My conclusion to the issue is it has to be a component that only works properly when operating temp is reached and system moves from open to closed loop. Not to mention I am a novice mechanic who doesnt know everything so thats why I am here with my observations and opinions. I would like to know from those of you who actually understand and maybe can shed some light on a component that might be the cause of this issue.

my ideas start with o2 sensors, coolant temp sensor in thermostat housing, anything else? Please throw your 2 cents. Help is much appreciated.

god damn these riddles


----------



## B14U97 (May 25, 2012)

btw no dtcs are stored for any components including o2s and coolant temp


----------



## rogoman (Dec 16, 2004)

After the engine is fully warmed up, check the following:
- Coolant temp sensor electrical resistance.
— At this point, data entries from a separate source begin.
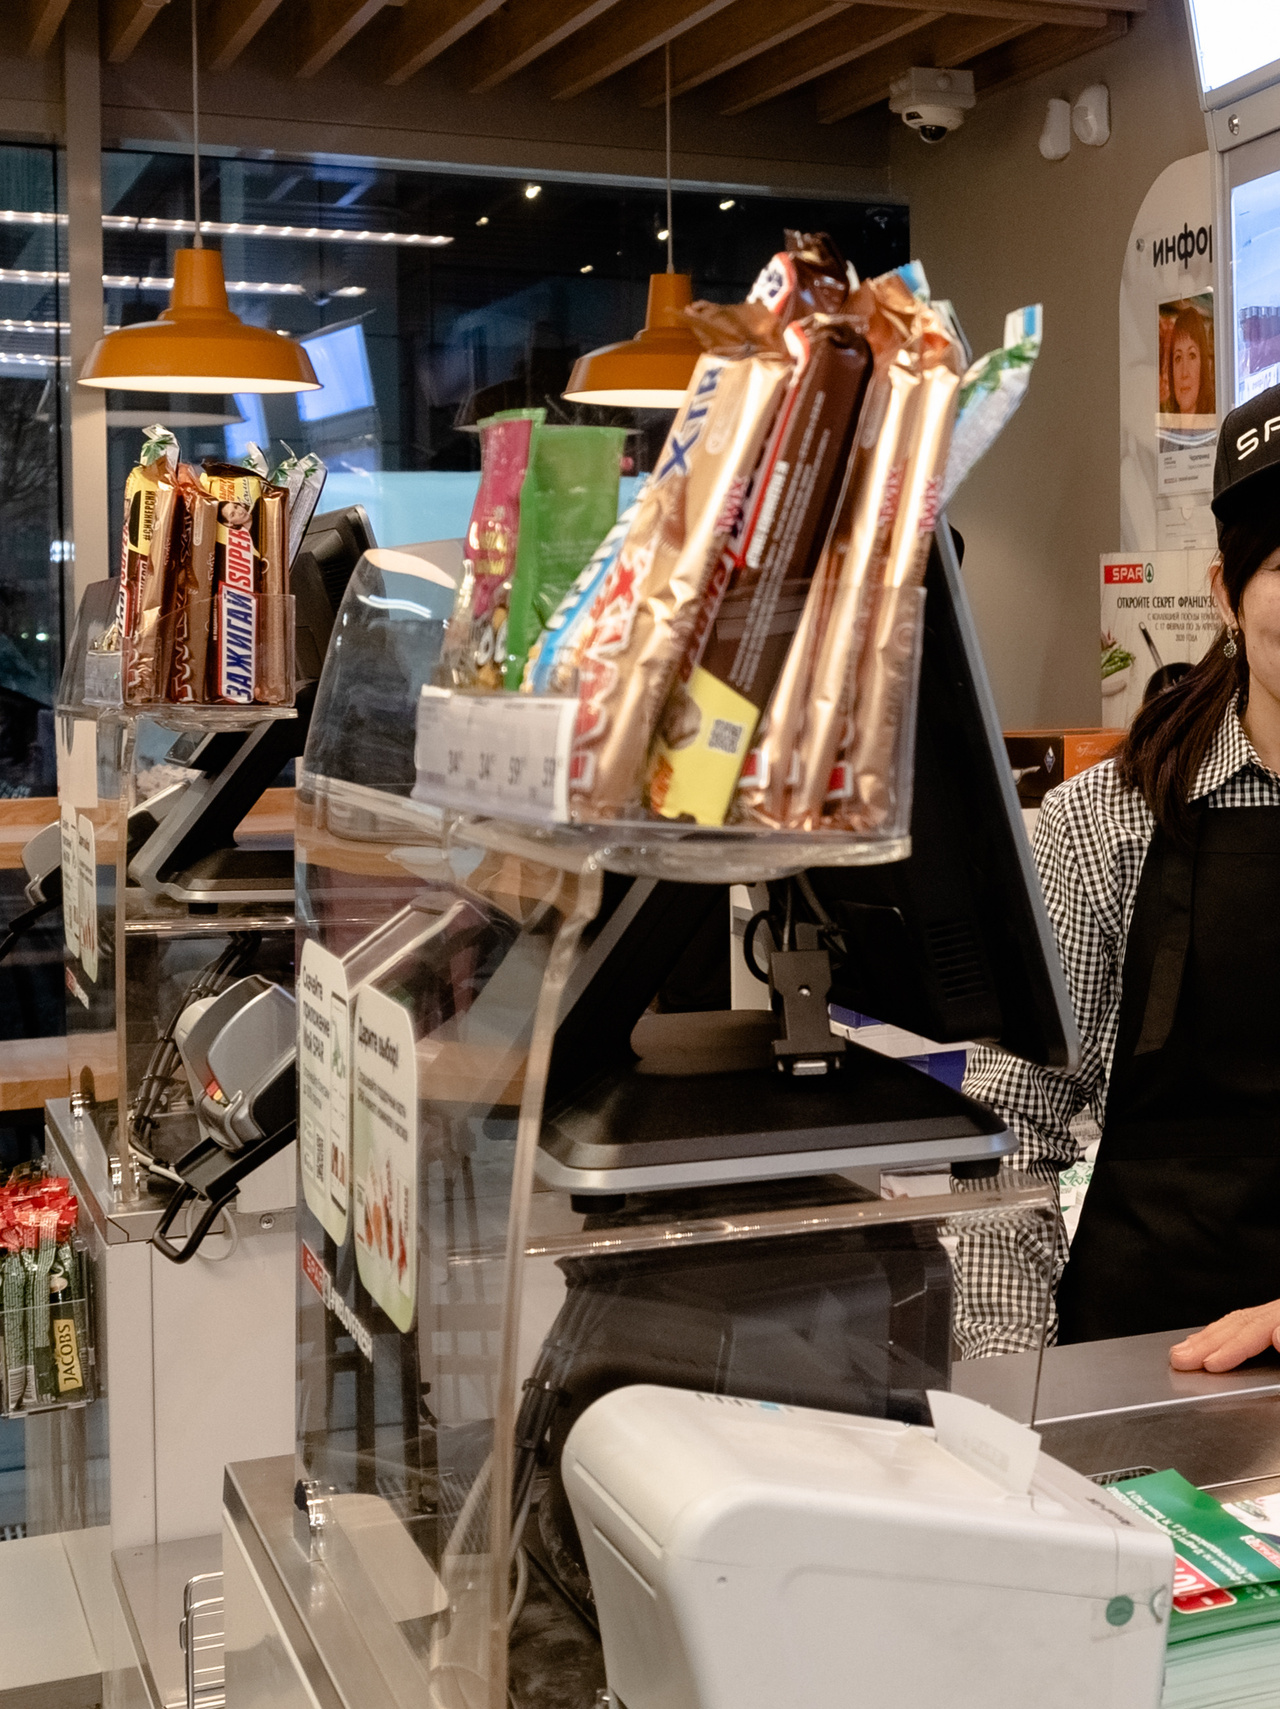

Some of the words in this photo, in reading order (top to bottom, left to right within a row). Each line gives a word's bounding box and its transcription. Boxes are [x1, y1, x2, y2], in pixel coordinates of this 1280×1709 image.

[228, 528, 252, 587] SUPER
[1112, 566, 1143, 581] SPAR
[1116, 596, 1150, 609] ОТКРОЙТЕ
[1152, 596, 1175, 608] СЕКРЕТ
[223, 590, 254, 701] ЗАЖИГАЙ
[58, 1323, 79, 1385] JACOBS
Should be around 0.23 - 0.26 K Ohms.
- Check the fuel pressure. With vacuum hose connected to the fuel pressure regulator: 34 psi; with vacuum hose disconnected from the fuel pressure regulator: 43 psi
- Check intake system vacuum level. The reading at idle should be 18 - 20 InHg; at 3,000 RPM, it should be around 21 InHg


----------



## smj999smj (Jan 1, 2006)

Any signs of oil on the inside, bottom-side of the distributor cap?


----------



## B14U97 (May 25, 2012)

rogoman said:


> After the engine is fully warmed up, check the following:
> - Coolant temp sensor electrical resistance. Should be around 0.23 - 0.26 K Ohms.
> - Check the fuel pressure. With vacuum hose connected to the fuel pressure regulator: 34 psi; with vacuum hose disconnected from the fuel pressure regulator: 43 psi
> - Check intake system vacuum level. The reading at idle should be 18 - 20 InHg; at 3,000 RPM, it should be around 21 InHg


Thanks for the leads gotta get my hands on a fuel pressure gauge and ill post my findings.
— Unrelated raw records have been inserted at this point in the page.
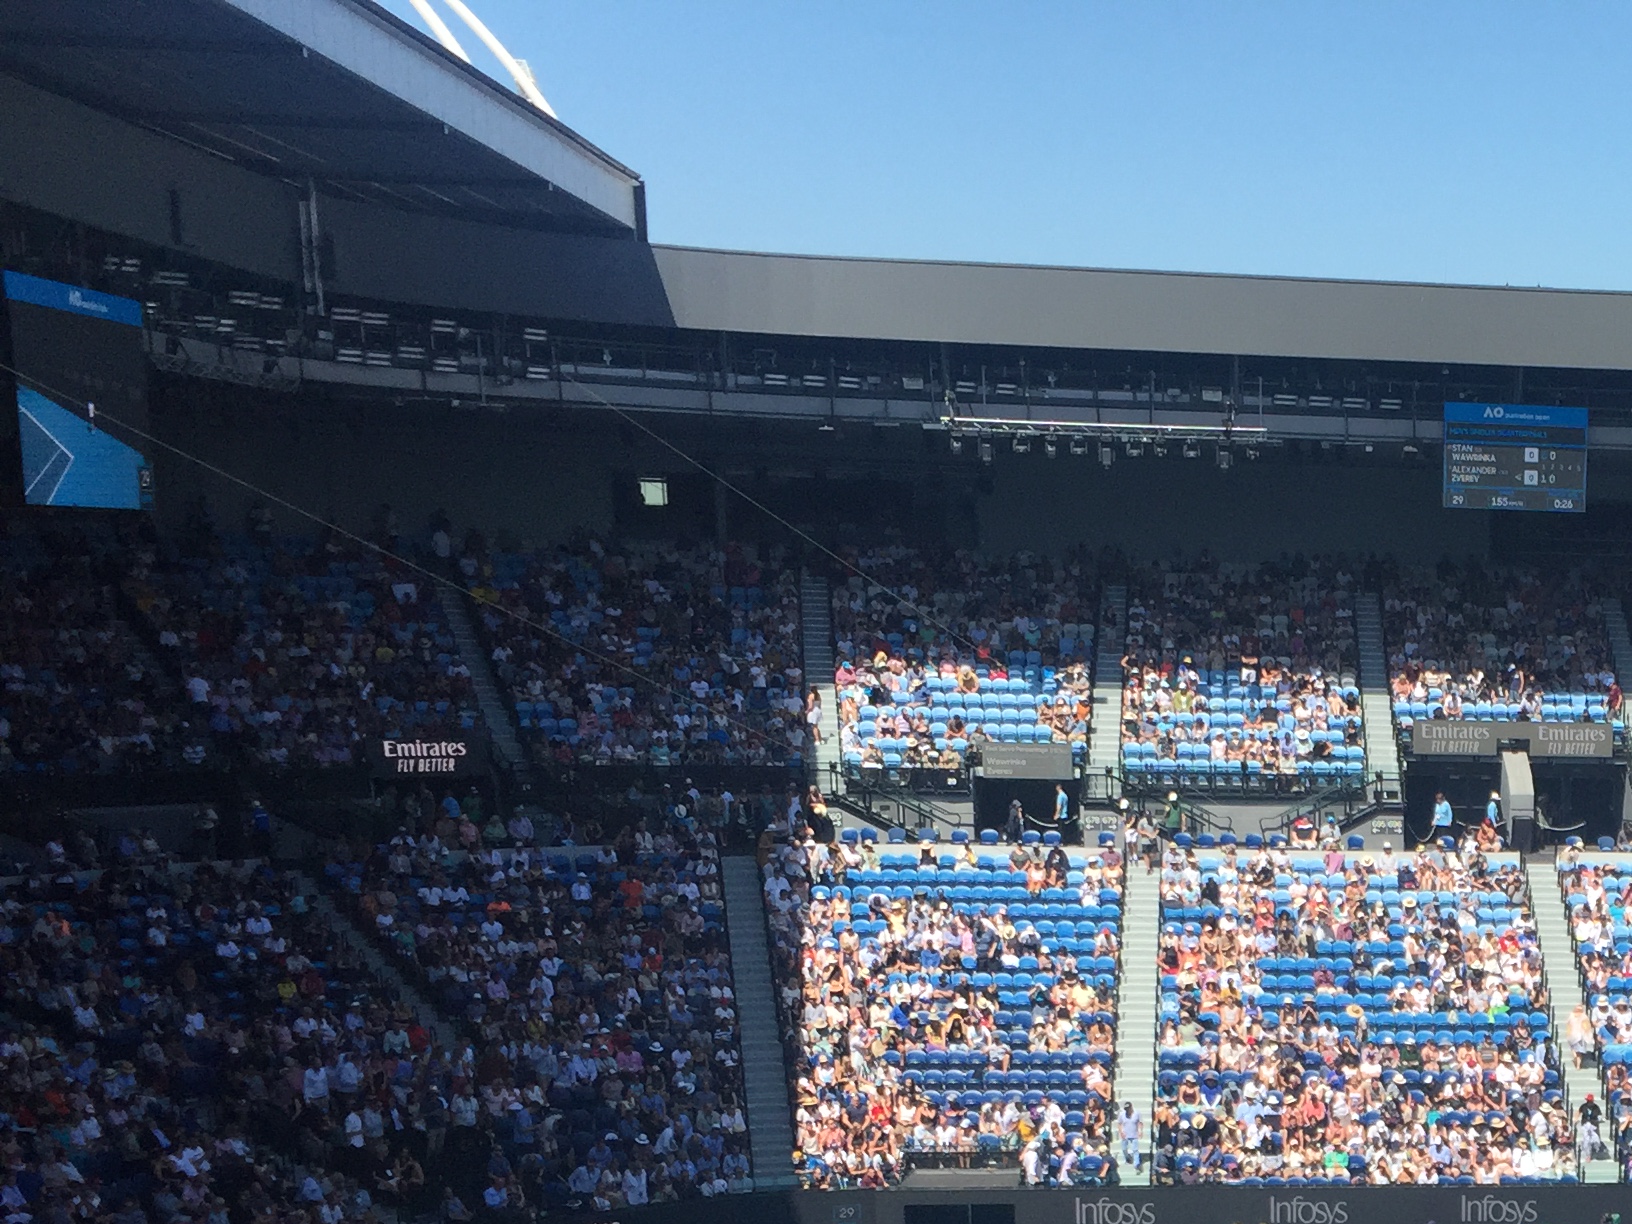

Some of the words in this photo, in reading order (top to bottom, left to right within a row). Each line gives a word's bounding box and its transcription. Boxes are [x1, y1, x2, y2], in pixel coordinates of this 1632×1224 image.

[1452, 444, 1473, 453] STAN
[1452, 453, 1496, 462] WAWRINKA
[1452, 465, 1496, 475] ALEXANDER
[1453, 496, 1464, 505] 29
[1554, 499, 1573, 509] 0:26
[1421, 723, 1490, 739] Emirates
[1538, 725, 1606, 741] Emirates
[383, 740, 466, 757] Emirates
[1431, 740, 1446, 753] FLY
[1449, 741, 1480, 753] BETTER
[1547, 742, 1562, 754] FLY
[1564, 742, 1596, 755] BETTER
[397, 759, 415, 772] FLY
[418, 758, 455, 772] BETTER
[839, 1207, 855, 1218] 29
@ SMJ :changed my rotor and cap a couple months back with nissan parts and didnt see anything when i was in there but ill check again.


----------



## B14U97 (May 25, 2012)

-no oil in distributor
- using consult 2 got temp to 195 fans kick on at 195 everytime knocks it back to 183.
resistance reads 0.24 at 192 so coolant temp sensor checks out.
- spent time repairing multiple vacumm lines and havent been able to test gross vacumm because of cannister vacumm lines in rear being so fd up. (is there anyway to test engine vacumm without using the rear vacumm set up like capping off vacumm from gas tank or something?)
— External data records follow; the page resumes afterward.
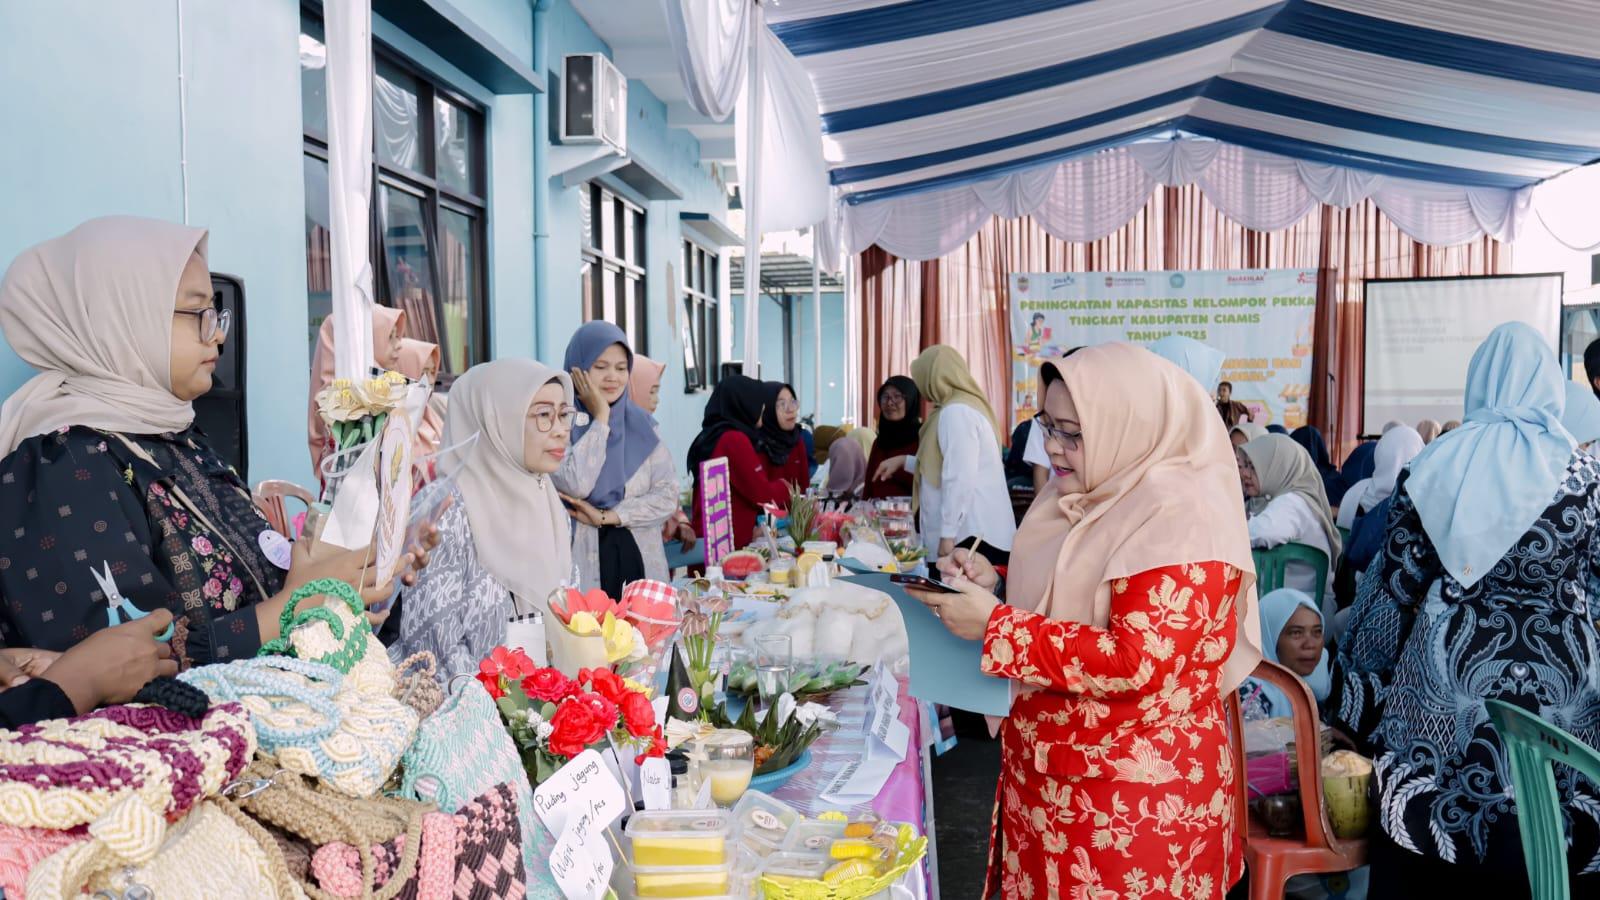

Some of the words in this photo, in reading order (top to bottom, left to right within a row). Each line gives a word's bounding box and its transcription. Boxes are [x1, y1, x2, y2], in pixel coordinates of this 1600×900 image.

[1020, 299, 1112, 311] PENINGKATAN
[1117, 298, 1188, 309] KAPASITAS
[1193, 297, 1267, 308] KELOMPOK
[1272, 296, 1316, 307] PEKKA
[1069, 315, 1125, 325] TINGKAT
[1131, 314, 1208, 325] KABUPATEN
[1214, 313, 1261, 323] CIAMIS
[535, 791, 567, 814] Puding
[570, 761, 599, 791] jagung
fuel pressure havent tested because gauge is busted gotta get another one. 

*injection pulse* is staying at *3.2* on consult when at operating temp.

02 sensors are reading correct voltage from 0.1 to 0.4 front and rear according to consult.

any ideas from what info is here?? got weird feeling about the injection pulse just sayin.

ALSO.. forgot to add when running few things on consult i saw the the catalytic converter was saying incomplete which i was not sure what that meant. Completely clogged motor should show more signs of air out being stopped. so any ideas there?


----------



## smj999smj (Jan 1, 2006)

The catalytic converter being "incomplete" means it hasn't passed the SRT, or "System Readiness Test." There are several areas tested in the SRT, including the O2 sensor heaters, EGR system, EVAP emissions system, and catalytic converters. Many states that test for emissions use this information via the OBD II port rather than checking tailpipe emissions with an exhaust analyzer. If any of the SRT tests are "incomplete," they will not pass the vehicle until it is "complete." They do this to prevent someone who has an issue that sets the check engine light from using a code reader to erase the codes out of the system and trying to pass state inspection before the codes reset.


----------



## B14U97 (May 25, 2012)

i see. any ideas regarding the original post information like injection pulse for example being different than anyone else?


----------



## B14U97 (May 25, 2012)

ok so i tried setting the timing 2 different times before today and never was able to get the ecu into timing mode so i was fighting the ecu the whole time when i was trying to set it up and it was running really bad.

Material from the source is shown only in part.